そこでアイデンティティの時代にふさわしい、誰のための、何のための政党か明確にするという対立軸設定はどうでしょうか。例えば、

(1)再生可能なエネルギーへの転換政策(グリーン党)

(2)女性が対等に働き、自らのライフコースを選択できる社会(自立女性の党)

(3)地域再生・分散型産業構造転換政策(地域再生の党)

(4)障がい者、非正規雇用、外国人就業者など、社会的弱者の党 

(5)教育投資・持続可能な社会など子供・学生など未来世代のための党

これに勤労者など働く者の権利と雇用を守る党、社会保障により安全・安心が確保される国、日本国憲法の精神を守り、法治国家の原則にたつ穏健な中道政党など理念的なものをつけ加えればどうでしょうか。エコロジー、女性、地域再生、障がい者、若者など、それぞれの項目でリーダーとなる政治家の名と姿が国民にすぐ浮かぶほど著名になれば、立憲民主党の存在意義も確認され、政権政党に発展できるのではないでしょうか。

泉 おっしゃる通りだと思います。私も地元で「ネオリベラルに対抗する」といっても有権者の心には響かないのだと思います。住沢さんから示されたグリーン、女性、地域、社会的弱者、未来世代、はいずれも重要なキーワードです。有権者だけでなく子どもたちも含めて、立憲民主党として『あなたの』『自分ごと』として捉えてもらえる伝え方をしていきたいと思います。

もっと言えば、衆議院小選挙区では党の政策だけでは勝てません。候補者個人、つまりこの人に託せば、自民党に替わって政権運営を期待できる、という信頼を得ねばならない。政策だけではなく、日常の政治活動や行動において選挙区の人々に信頼され、愛されることをおろそかにしてはなりません。

この前もある県連の結成大会にいった際、「コロナ禍の時期に自民党の自治体議員の姿は見えたけど、立憲民主や国民民主の議員の姿が見えなかった」という声を聴きました。掲げる旗・政策が立派かどうかではなく、日常の人や団体との交流も含めてそういうことを何回も乗り越えて政治家として組織をまとめたり、マネジメントする能力を身に着けていかなければなりません。そうでないと与党に勝てないわけです。

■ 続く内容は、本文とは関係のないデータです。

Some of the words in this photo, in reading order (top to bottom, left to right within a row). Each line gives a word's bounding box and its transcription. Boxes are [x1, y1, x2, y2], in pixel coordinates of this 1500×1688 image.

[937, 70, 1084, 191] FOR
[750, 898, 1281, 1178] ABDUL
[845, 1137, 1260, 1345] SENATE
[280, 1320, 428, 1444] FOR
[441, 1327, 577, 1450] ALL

国民民主党の政調会長の時に、参議院選挙において 「つくろう新しい答え」ということで、孤独対策とか地方の人の足、移動権の話とか、どこでもWi-Fi、など具体的な政策を提示しました。社会保障や税制、という大きな政策だけでなく、国民一人一人が抱える問題に直接かかわる、困っている人に直接いきわたる政策を追求したいと思います。

今の「支えあう社会」とか「右でも左でもなく前に」を、今後どう具体化していくのか、枝野代表の訴えも、「自然エネルギー立国」とか、「ベーシック・サービス」というところまで進化していますので、より伝わりやすい個別政策を提示していけるよう政調としても努力していきます。

住沢 最後に日本学術会議の問題についてお聞きします

泉 菅政権の非常に強権的な姿勢が明らかになりました。ただ世論調査の結果を含め、6名の任命拒否の撤回を行うことはなさそうな状況です。

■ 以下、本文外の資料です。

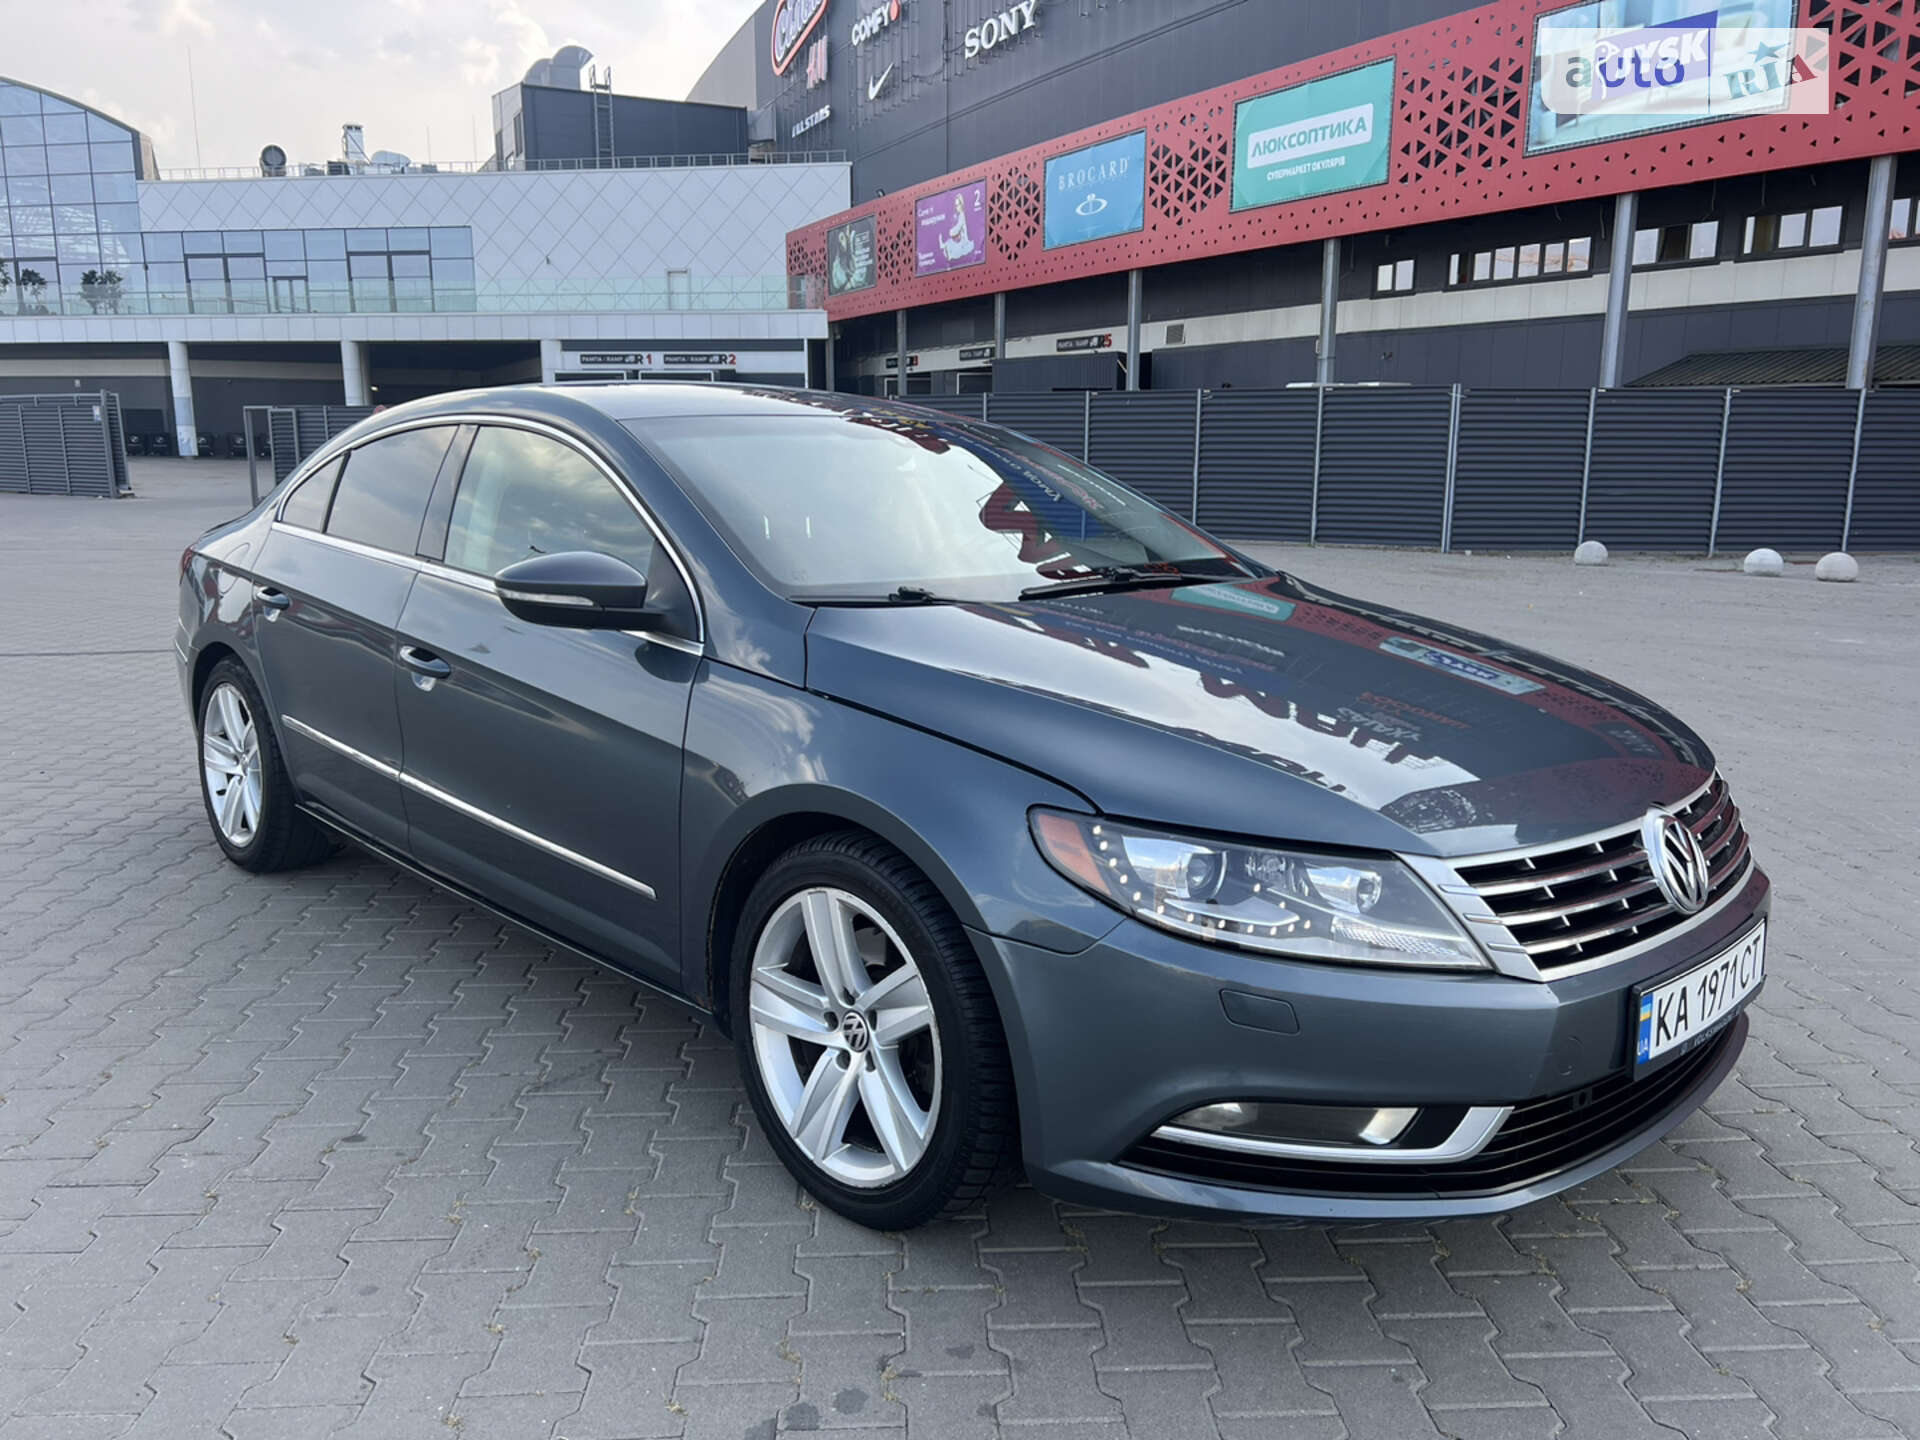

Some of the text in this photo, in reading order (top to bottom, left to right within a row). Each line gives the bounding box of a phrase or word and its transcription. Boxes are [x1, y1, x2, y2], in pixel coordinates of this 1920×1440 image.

住沢 特に私が気になるのは、この前朝日新聞の調査では、政府を批判する人は36%ですけども、6名の拒否を肯定する人も31%と、日本学術会議の問題では、国民の政府批判が高まっているわけではありません。もちろん政府がその根拠を示さず、安倍政権の常とう手段であった、「国民が忘れるのを待つ」という姿勢には大きな批判がありますが、立憲民主がどこまで国会で追及できるかです。

泉 ただ国会質疑では、他の課題とのバランスも非常に重要です。私たちとしては、まずは第3波が来ているとされる新型コロナウイルス対策を最優先させています。感染防止対策も、医療機関支援も、雇用や事業を守る支援も、今の自公政権の取り組みが不十分なことは明白です。予備費も十分に使わず、第3次補正予算を組もうとしていることも、年明けの解散総選挙を想定してのことだとも考えられます。また税制全体の見直しや、地球温暖化対策などでも着々と野党第一党としての選択肢を準備していますが、それらはまだ国民の皆様には伝わっていないところがあります。

学術会議の問題は、政権の強権姿勢が浮き彫りとなり、立憲民主党と菅政権の違いは明白です。それを国民の皆様にご理解いただいたうえで、やはり国民生活に主軸を置いた国会論戦と政策発信を強化してまいりたいと思います。

いずみ・けんた

1974年北海道生まれ。1998年立命館大学法学部卒。福山参議院議員秘書を経て、2003年(29歳)で初当選、以降7期連続当選。2009年内閣府政務官で少子化対策、男女共同参画などを担当。民進党組織委員長、希望の党国会対策委員長、国民民主党政務調査会長等を歴任。2020年9月に野党新党の代表選にも立候補。9月15日に発足した立憲民主党に参加。現在、政務調査会長。

すみざわ・ひろき

1948年生まれ。京都大学法学部卒業後、フランクフルト大学で博士号取得。日本女子大学教授を経て名誉教授。本誌代表編集委員。専攻は社会民主主義論、地域政党論、生活公共論。主な著作に『グローバル化と政治のイノベーション』(編著、ミネルヴァ書房、2003)、『組合―その力を地域社会の資源へ』(編著、イマジン出版 2013年)など。